REQUIRED ACTION> Set down each line of the data below exactly.

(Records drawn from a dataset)

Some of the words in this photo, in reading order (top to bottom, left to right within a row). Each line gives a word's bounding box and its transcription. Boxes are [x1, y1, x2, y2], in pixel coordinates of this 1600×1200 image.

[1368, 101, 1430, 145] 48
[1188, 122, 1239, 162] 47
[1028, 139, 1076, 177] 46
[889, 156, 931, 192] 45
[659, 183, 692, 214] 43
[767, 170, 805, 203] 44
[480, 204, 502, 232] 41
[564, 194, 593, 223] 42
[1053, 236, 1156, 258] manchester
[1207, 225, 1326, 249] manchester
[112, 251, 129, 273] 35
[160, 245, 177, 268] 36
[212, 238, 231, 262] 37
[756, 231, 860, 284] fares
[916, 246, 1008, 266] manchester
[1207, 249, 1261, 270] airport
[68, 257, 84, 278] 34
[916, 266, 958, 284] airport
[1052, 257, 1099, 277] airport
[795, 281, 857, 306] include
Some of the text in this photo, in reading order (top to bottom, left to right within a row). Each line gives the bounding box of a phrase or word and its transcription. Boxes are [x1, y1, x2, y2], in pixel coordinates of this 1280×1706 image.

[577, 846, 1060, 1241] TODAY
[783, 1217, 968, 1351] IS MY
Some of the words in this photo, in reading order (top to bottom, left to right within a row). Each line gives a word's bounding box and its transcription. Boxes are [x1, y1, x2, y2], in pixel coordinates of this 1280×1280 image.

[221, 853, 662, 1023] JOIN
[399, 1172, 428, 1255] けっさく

EXERCISE SOLUTION>
Some of the words in this photo, in reading order (top to bottom, left to right within a row). Each line gives a word's bounding box and its transcription. Boxes are [x1, y1, x2, y2], in pixel coordinates of this 1600×1200 image.

[1368, 101, 1430, 145] 48
[1188, 122, 1239, 162] 47
[1028, 139, 1076, 177] 46
[889, 156, 931, 192] 45
[659, 183, 692, 214] 43
[767, 170, 805, 203] 44
[480, 204, 502, 232] 41
[564, 194, 593, 223] 42
[1053, 236, 1156, 258] manchester
[1207, 225, 1326, 249] manchester
[112, 251, 129, 273] 35
[160, 245, 177, 268] 36
[212, 238, 231, 262] 37
[756, 231, 860, 284] fares
[916, 246, 1008, 266] manchester
[1207, 249, 1261, 270] airport
[68, 257, 84, 278] 34
[916, 266, 958, 284] airport
[1052, 257, 1099, 277] airport
[795, 281, 857, 306] include
Some of the text in this photo, in reading order (top to bottom, left to right within a row). Each line gives the bounding box of a phrase or word and its transcription. Boxes are [x1, y1, x2, y2], in pixel coordinates of this 1280×1706 image.

[577, 846, 1060, 1241] TODAY
[783, 1217, 968, 1351] IS MY
Some of the words in this photo, in reading order (top to bottom, left to right within a row). Each line gives a word's bounding box and its transcription. Boxes are [x1, y1, x2, y2], in pixel coordinates of this 1280×1280 image.

[221, 853, 662, 1023] JOIN
[399, 1172, 428, 1255] けっさく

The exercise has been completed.